TASK GOAL: Since the pictures are not wanted, retype the listing below exactly and without them.

RAW DATA:

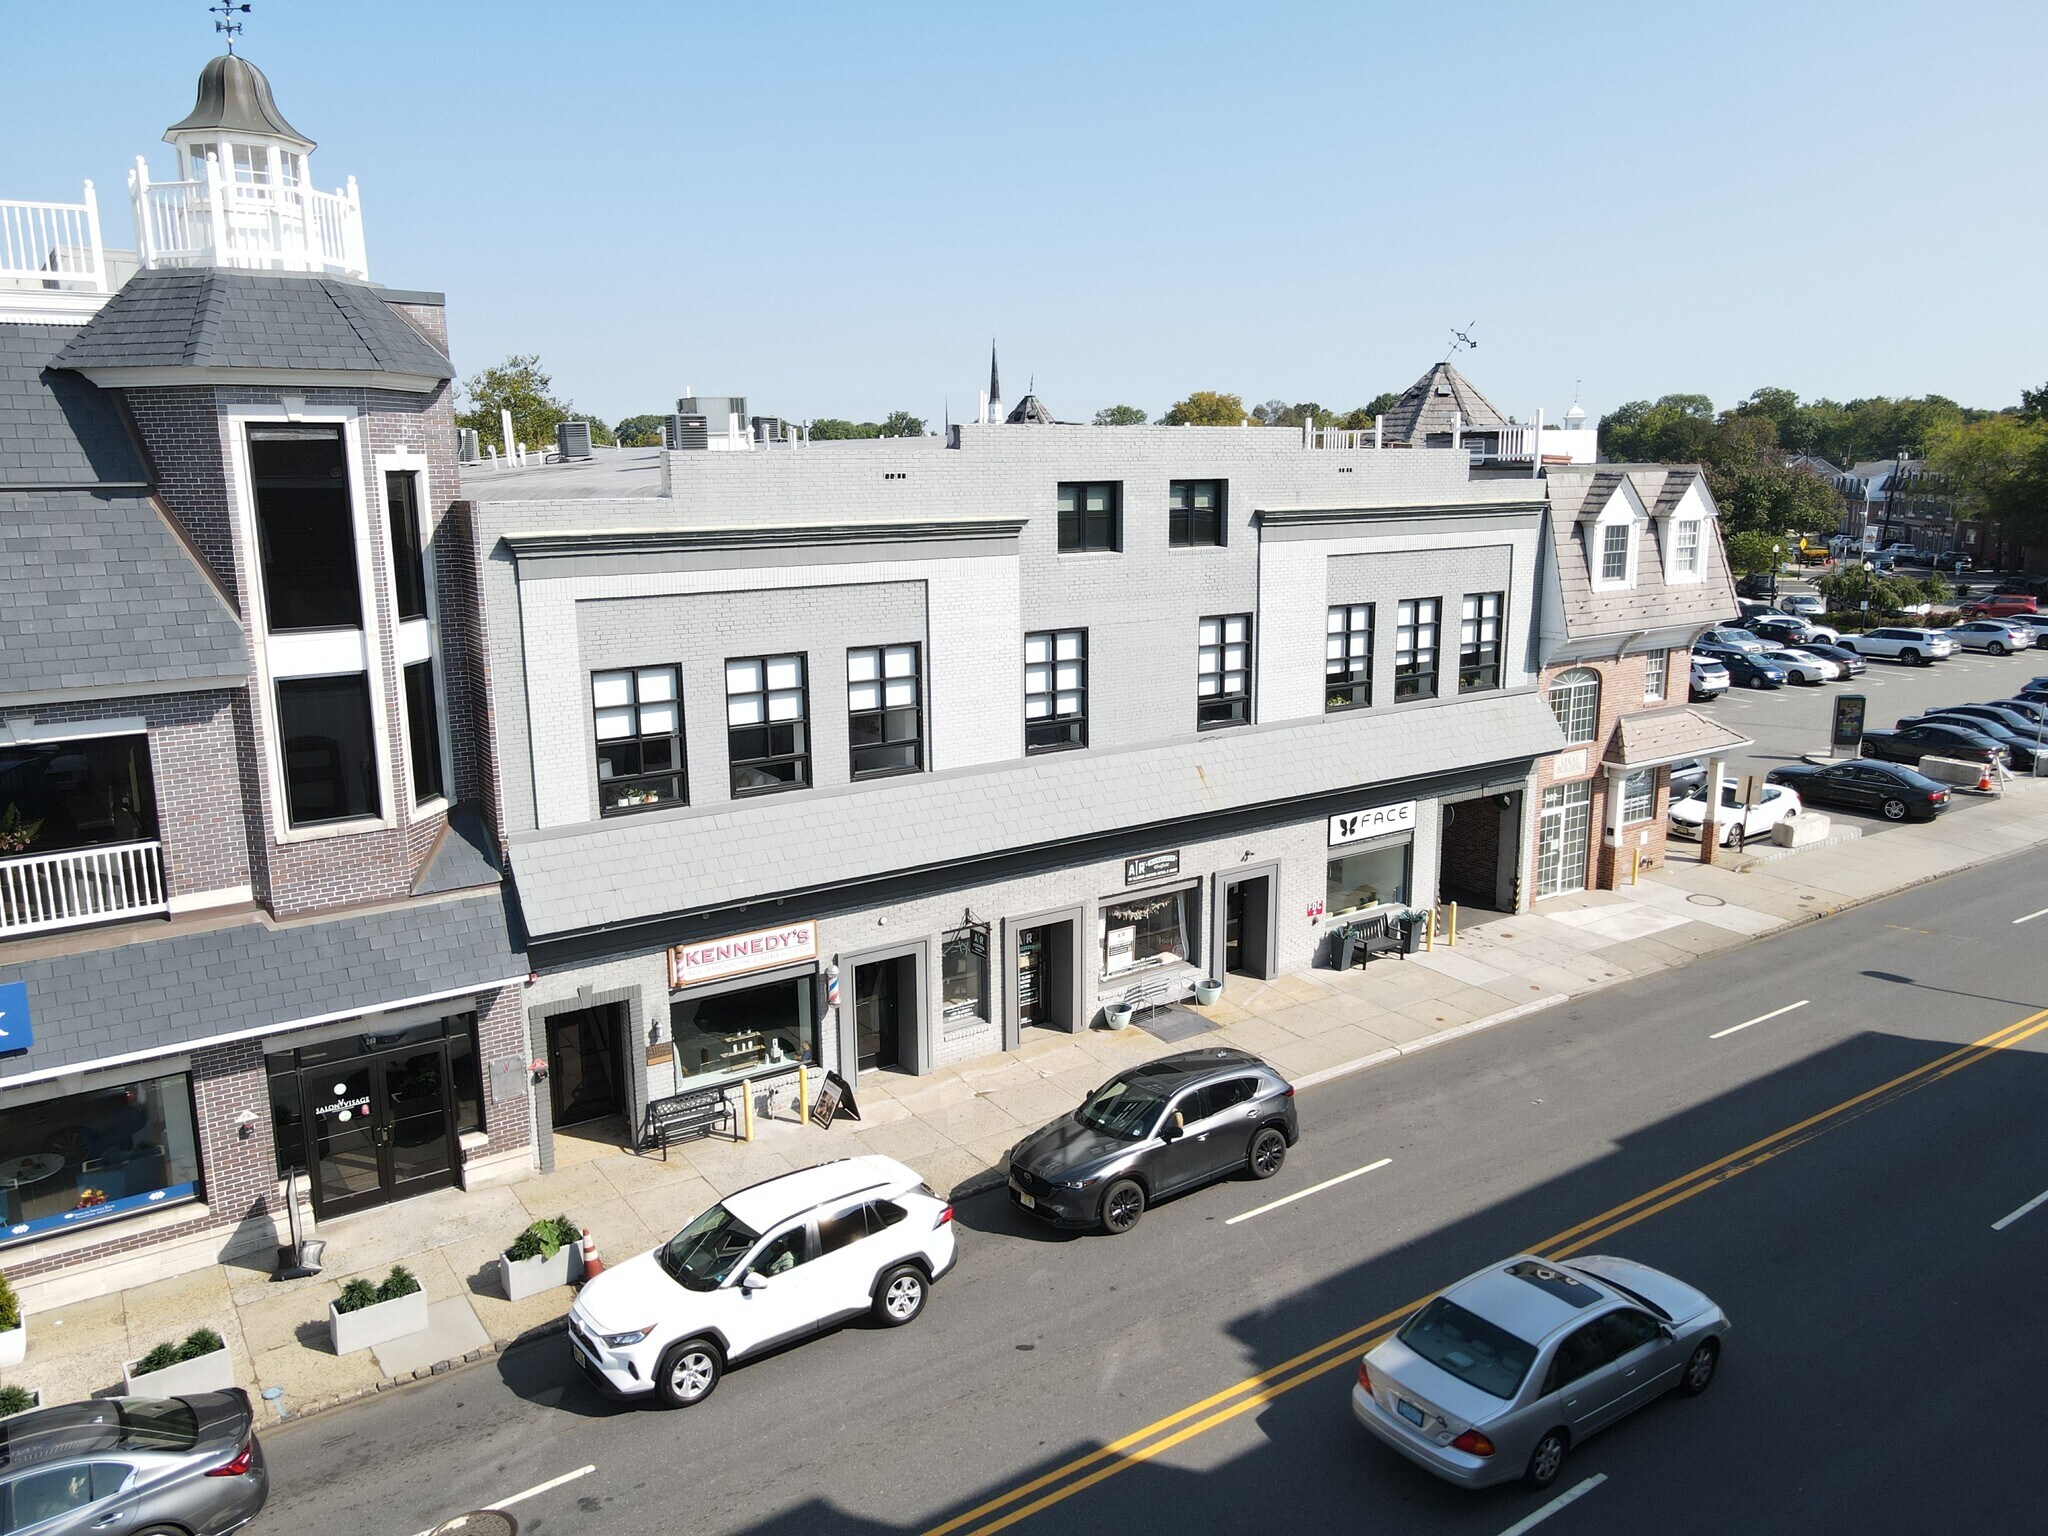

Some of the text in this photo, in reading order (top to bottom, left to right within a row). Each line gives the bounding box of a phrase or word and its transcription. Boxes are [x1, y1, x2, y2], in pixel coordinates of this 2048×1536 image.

[1360, 805, 1409, 828] FACE
[1308, 900, 1323, 912] FDC
[685, 928, 811, 967] KENNEDY'S
[365, 1037, 377, 1046] 240

EXPECTED ANSWER:
Some of the text in this photo, in reading order (top to bottom, left to right within a row). Each line gives the bounding box of a phrase or word and its transcription. Boxes are [x1, y1, x2, y2], in pixel coordinates of this 2048×1536 image.

[1360, 805, 1409, 828] FACE
[1308, 900, 1323, 912] FDC
[685, 928, 811, 967] KENNEDY'S
[365, 1037, 377, 1046] 240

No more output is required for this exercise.